Leopard Trek was trying to put Frank on the podium. Knowing that his TT abilities are not too great, they had to take time where they could.

The members of this forum claiming that "well, they should have waited even though he wasn't the race leader" is beyond absurd and tactically stupid.


----------



## 32and3cross (Feb 28, 2005)

robdamanii said:


> So. What?
> 
> Leopard Trek was trying to put Frank on the podium. Knowing that his TT abilities are not too great, they had to take time where they could.
> 
> The members of this forum claiming that "well, they should have waited even though he wasn't the race leader" is beyond absurd and tactically stupid.


It neither abusurd or stupid when you look to last years tour and the fact that Cancellara asked everyone to wait for F&A to come back after falling down thy could have reasonably been ridden out of the overall that day (and fabian out of the jersey as he would have had to go back and help chase), but the other teams decided that they would build some good will and wait as Saxo bank is a big team and they might need that goodwill later. What LT did was piss off a big team for little or no gain.


----------



## robdamanii (Feb 13, 2006)

32and3cross said:


> It neither abusurd or stupid when you look to last years tour and the fact that Cancellara asked everyone to wait for F&A to come back after falling down thy could have reasonably been ridden out of the overall that day (and fabian out of the jersey as he would have had to go back and help chase), but the other teams decided that they would build some good will and wait as Saxo bank is a big team and they might need that goodwill later. What LT did was piss off a big team for little or no gain.

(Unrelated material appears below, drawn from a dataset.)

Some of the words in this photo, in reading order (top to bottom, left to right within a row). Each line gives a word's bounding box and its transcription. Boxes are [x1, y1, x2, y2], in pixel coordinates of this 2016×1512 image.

Correct me if I'm wrong, but about 60% of the peloton was involved in that crash?

One simple fact remains:
Mollema was not the yellow jersey. It's not necessary to wait for "contenders" if they have an issue, only the race lead.

There's too damn much whining in cycling nowadays.

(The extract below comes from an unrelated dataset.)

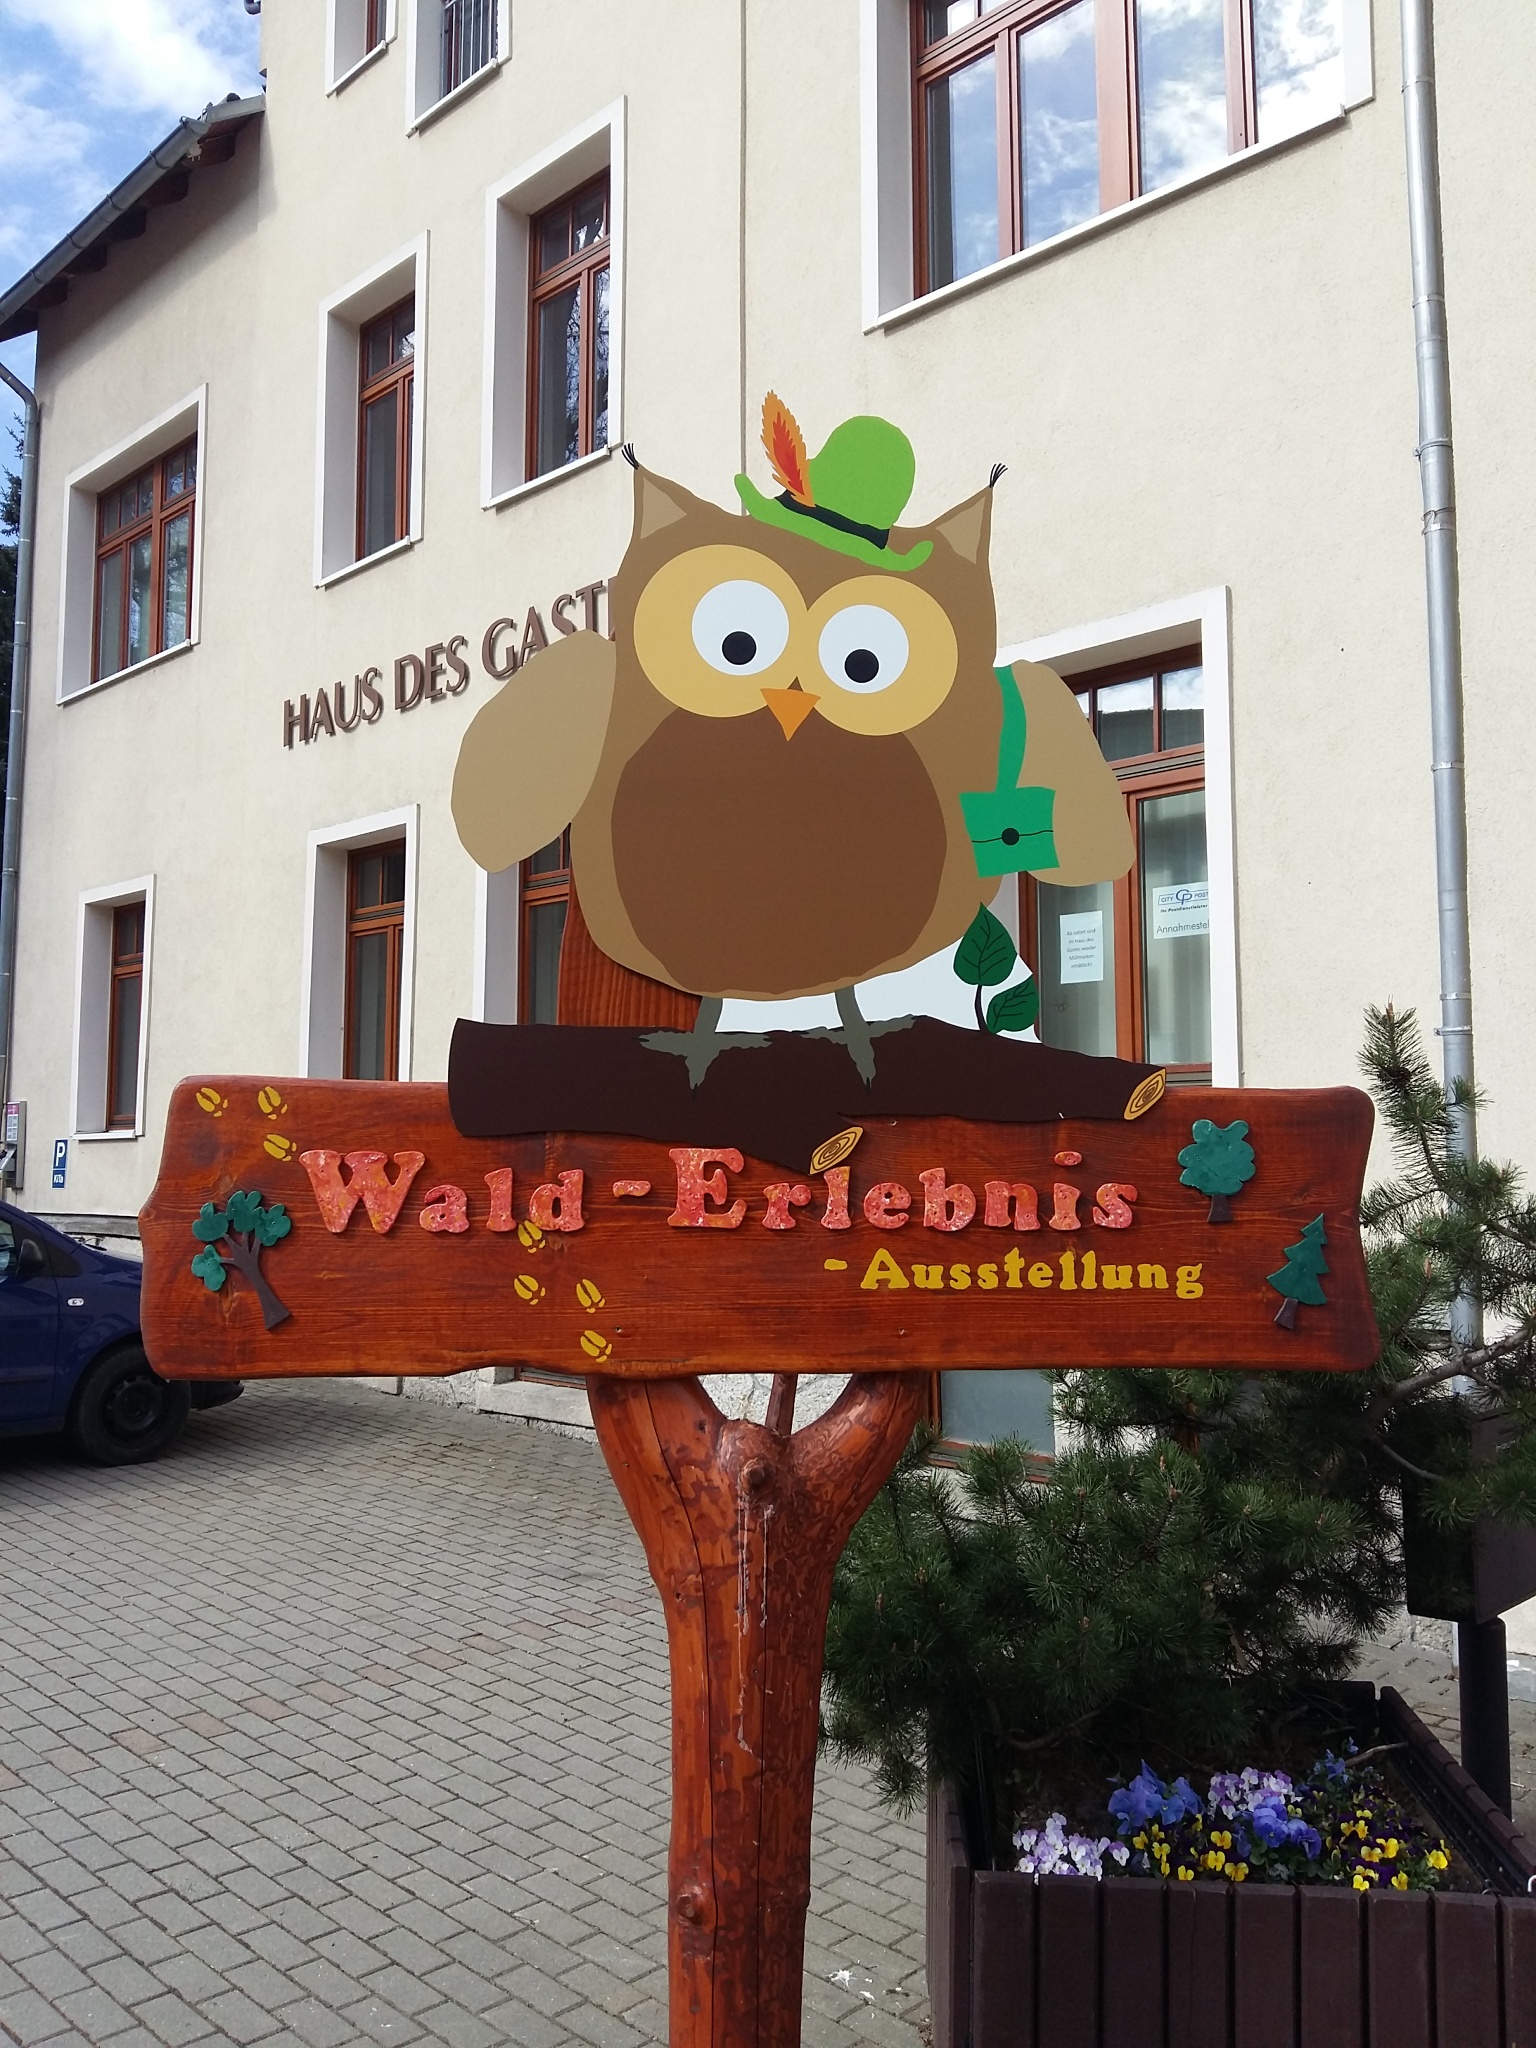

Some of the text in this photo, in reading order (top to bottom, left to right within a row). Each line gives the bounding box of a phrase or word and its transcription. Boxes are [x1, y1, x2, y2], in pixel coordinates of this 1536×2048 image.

[283, 576, 617, 748] HAUS DES GAST
[55, 1141, 66, 1167] P

Zomegnan was right a couple of years back when he said the peloton was getting soft.


----------



## JohnHenry (Aug 9, 2006)

robdamanii said:


> Most of those "gentlemen's agreements" involve situations where the race leader comes into some misfortune.
> 
> Mollema was not the race lead, so tough luck to him.


Please note the former reasoning from the previous FC/Schleck actions in the TdF....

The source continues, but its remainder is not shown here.